How / where should I connect to the board in order to connect its MCP2551 RX and TX lines to a CAN controller such as the MCP2515?
Thanks.
Using the OBD-II UART board, I am able to read the standard vehicle data via ELM327 AT commands.
How / where should I connect to the board in order to connect its MCP2551 RX and TX lines to a CAN controller such as the MCP2515?
Thanks.
Locate the PTH holes on the board labeled “CAN Hi” and “CAN Lo” - these provide direct access to the CAN bus differential signals from the MCP2551
For connection to your MCP2515 CAN controller:
Note that this will establish a parallel connection to the CAN bus - both the ELM327 and your MCP2515 will be able to receive CAN messages simultaneously, but you’ll need to be careful about both trying to transmit at the same time
Thank you for that info. Due to the close proximity of the CAN HI and CAN LO labeled holes on the board, I was not sure whether they were connected directly to the DB9 connector pins or if they were connected to the RX and TX of the MCP2551.
You can always poke around its schematic (from the ‘documents’ tab on product page) https://cdn.sparkfun.com/assets/a/3/f/9/c/OBD-II-UART-v13.pdf
From the schematic, it appears that the CAN HI and CAN LO holes in the board are connected directly to the DB9 connector pins which correlate to the OBD2 pins 6 and 14. This would put those holes before the MCP2551 in the circuit. If this is the case, if I were to connect at those points, I would need to first connect them to another CAN transceiver (e.g. another MCP2551) which would in turn connect to a MCP2515.
For clarity, I was asking where/how to connect to the MCP2551 output (RX and TX).

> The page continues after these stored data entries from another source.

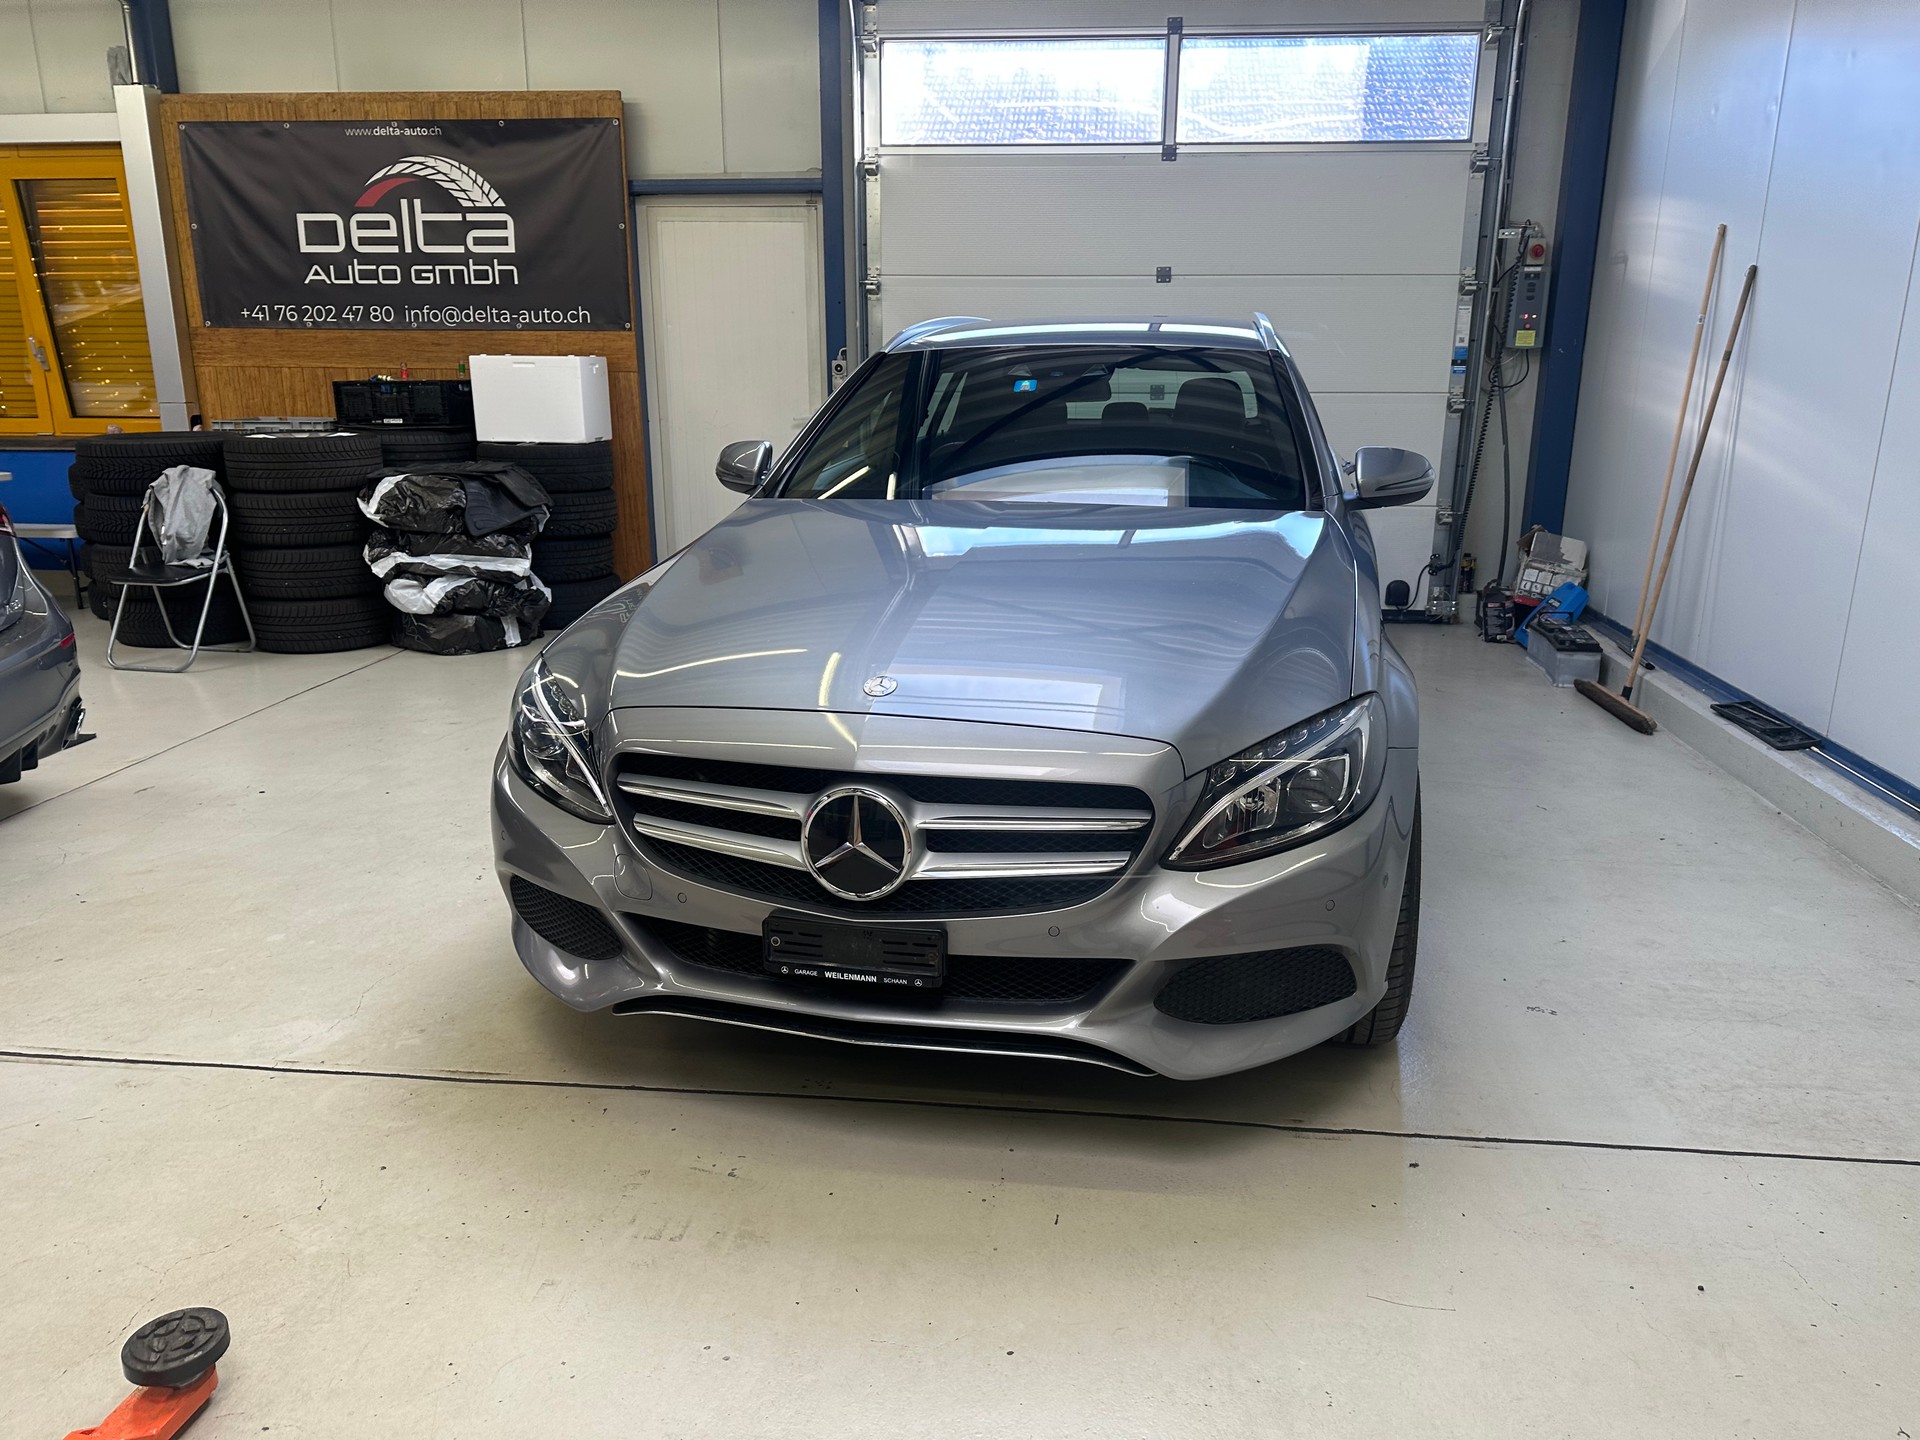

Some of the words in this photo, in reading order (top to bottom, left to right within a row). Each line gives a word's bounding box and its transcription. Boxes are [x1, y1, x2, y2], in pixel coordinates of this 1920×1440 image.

[344, 126, 442, 136] www.delta-auto.ch
[240, 305, 270, 321] +41
[274, 305, 298, 322] 76
[302, 305, 337, 322] 202
[341, 305, 364, 322] 47
[369, 305, 395, 322] 80
[404, 305, 592, 326] info@delta-auto.ch
[794, 968, 818, 977] GARAGE
[824, 971, 877, 982] WEILENMANN
[883, 977, 908, 985] SCHAAN

I have confirmed that the PTH holes on the board labeled CAN HI and CAN LO are input connections and not the output from the MCP2551 as you described. I simply used a custom OBD2 cable from which I directly connected only the VBAT, GND, CAN H and CAN L lines (OBD2 pins 16, 4/5, 6 and 14 respectively) to the corresponding holes in the board. I did not use the DB9 connector at all for this test. My ESP32 successfully reads the vehicle info from the board using the ELM327 AT commands.
So my initial question remains: Where/how can I connect to the board for the OUTPUT from the MCP2551 transceiver that I could then connect to a separate CAN controller such as an MCP2515?
Thanks.
There’s not a good place to do that unfortunately. Not without pulling up the CAD files and figuring out what traces to solder too.
The CAN bus shield might be a better option.